MANDATORY section order (top → bottom):
# AI Review report (title, only once)
- Risk and Confidence on separate lines, each with its own colored badge and a brief one-line reason:
{RISK_BADGE} **Risk: {RISK_LEVEL}** — {RISK_REASON}
{CONFIDENCE_BADGE} **Confidence: {CONFIDENCE_LEVEL}** — {CONFIDENCE_REASON}
The two badges use inverted color mappings so 🟢 always means "good": Low Risk = 🟢, High Risk = 🔴; High Confidence = 🟢, Low Confidence = 🔴. Medium on either is 🟡.
## Decision — symbol + label + one-line "Why:"
## Related — bullets from context.json.WorkItems[] (or - (no linked items))
## Blockers — must-fix items, or - (None.)
## Suggestions — concrete code blocks, each with severity tag
## How it works — plain-English explanation (ALWAYS present; if sparse source material, end with (Inferred from diff; verify intent.))
## How to test — copy-pasteable steps (ALWAYS present)

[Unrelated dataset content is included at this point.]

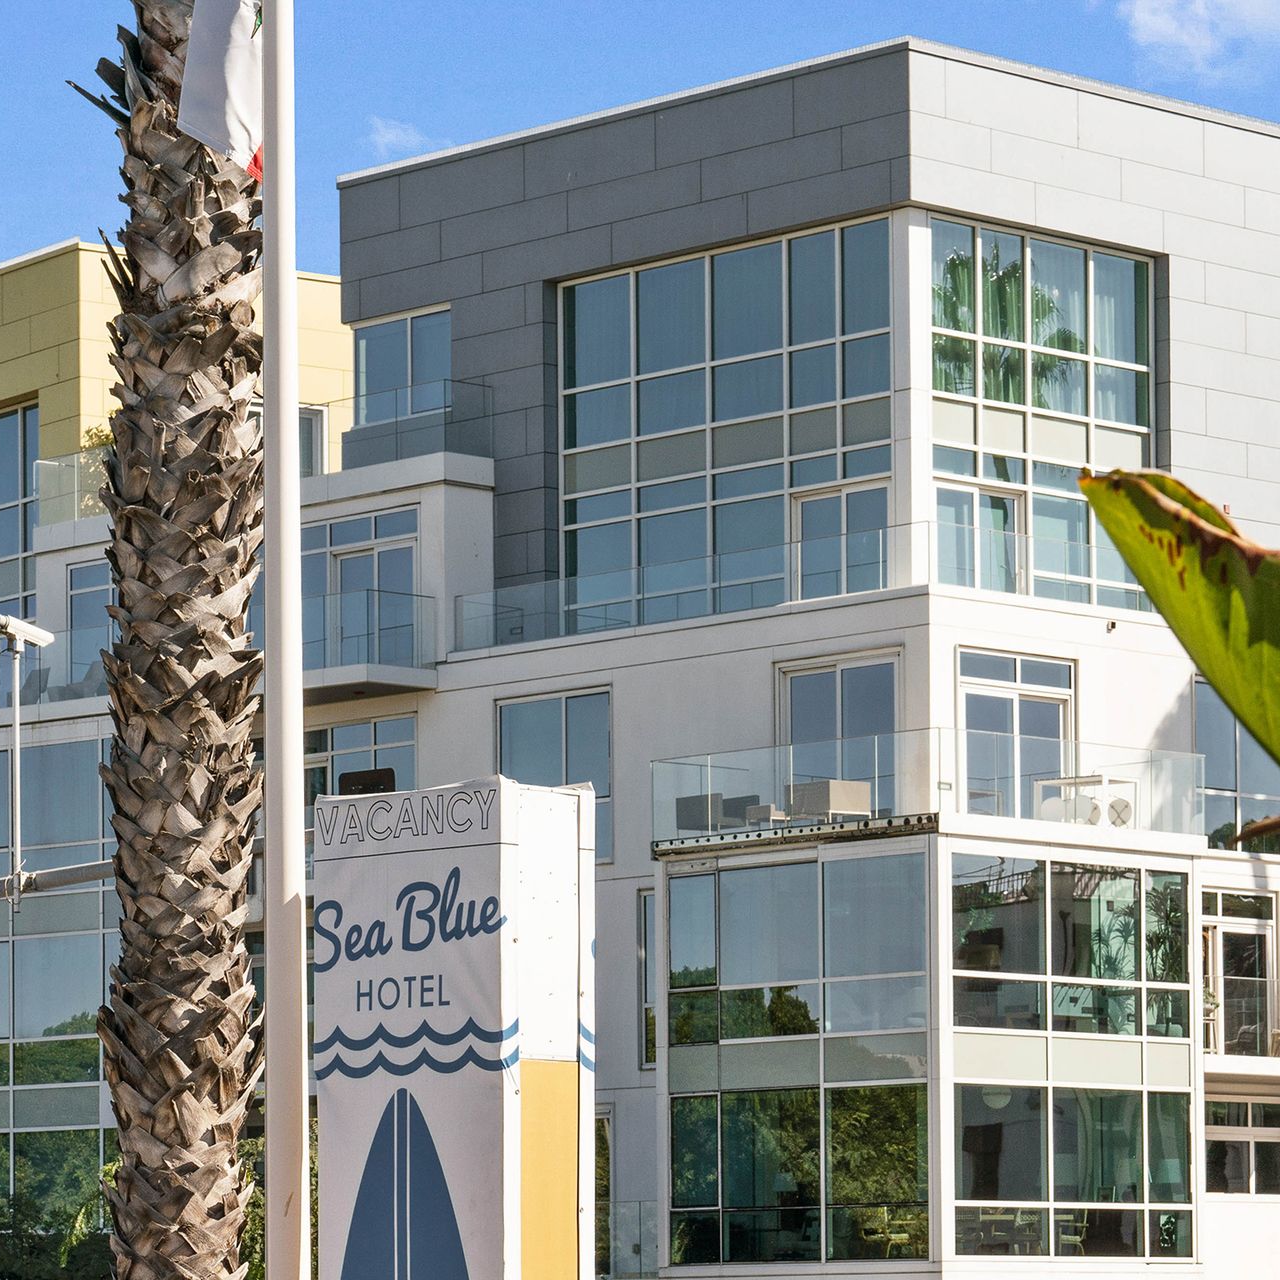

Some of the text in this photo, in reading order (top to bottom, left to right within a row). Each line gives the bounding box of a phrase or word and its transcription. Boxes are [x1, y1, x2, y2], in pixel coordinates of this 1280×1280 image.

[317, 788, 497, 846] VACANCY
[314, 866, 508, 973] Sea Blue
[355, 974, 451, 1013] HOTEL

## Files to review first — top 3 highest-risk paths
<details><summary>Audit details</summary> … </details> — Context, Scope, Strengths, Issues and risks, Testing, Security, Performance, Operations, Documentation, Diff overview
Anti-duplication rule (CRITICAL):
The visible block (sections 2–9) and the audit block (section 10) serve DIFFERENT audiences and must not repeat the same information:
- Suggestions (visible) ≠ Issues and risks (audit). Suggestions are actionable code changes the author can apply. Issues and risks are potential problems that don't have a concrete fix yet (open questions, design concerns). If you've written the fix, it's a Suggestion — do not also write it in Issues and risks.

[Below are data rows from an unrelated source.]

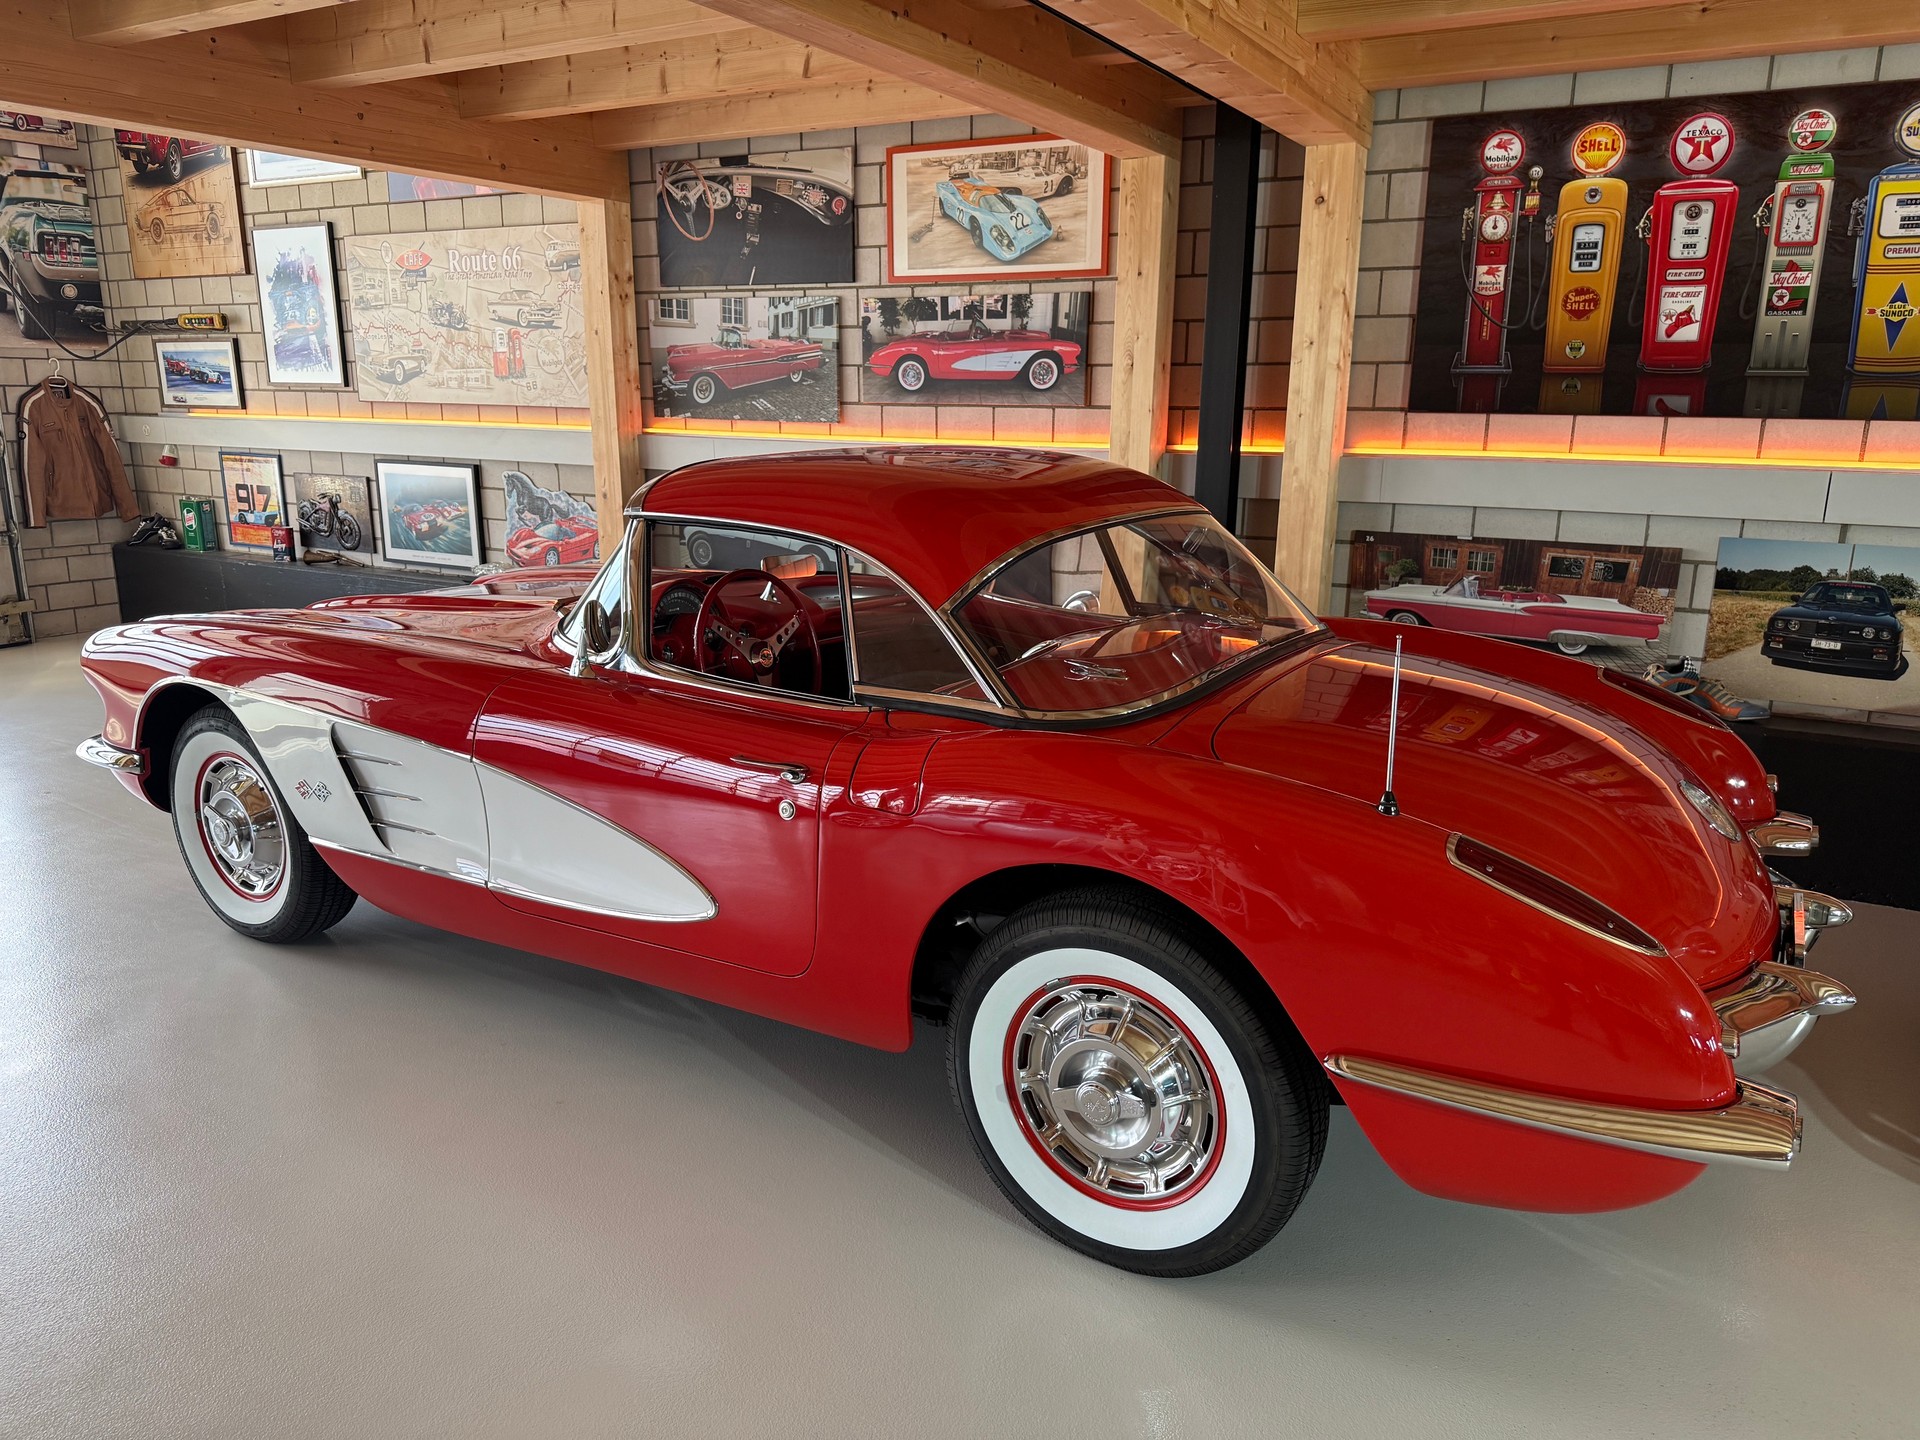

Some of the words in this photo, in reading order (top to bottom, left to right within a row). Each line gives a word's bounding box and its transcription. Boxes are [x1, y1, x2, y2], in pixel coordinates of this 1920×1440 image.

[1795, 120, 1810, 131] Sky
[1810, 118, 1830, 129] Chief
[1686, 129, 1723, 137] TEXACO
[1579, 138, 1617, 153] SHELL
[1485, 154, 1518, 163] Mobilgas
[1043, 179, 1053, 193] 21
[956, 206, 965, 226] 22
[1009, 212, 1029, 231] 22
[447, 248, 497, 273] Route
[502, 246, 522, 270] 66
[444, 271, 454, 280] The
[455, 271, 472, 280] Great
[473, 270, 502, 280] American
[519, 268, 533, 280] Trip
[1769, 272, 1787, 287] Sky
[1786, 272, 1812, 285] Chief
[1663, 290, 1703, 298] FIRE-CHIEF
[1566, 302, 1595, 310] SHELL
[1879, 309, 1915, 318] SUNOCO
[235, 483, 272, 513] 917

- How it works (visible) ≠ Scope (audit). How it works explains intent and behaviour. Scope is the file inventory (count, paths, types of change). Do not narrate the file list in How it works.
- Why (in Decision) ≠ Strengths (audit). Why is the one-line rationale for the verdict. Strengths is the audit-level list of what the PR does well. Do not restate the verdict in Strengths.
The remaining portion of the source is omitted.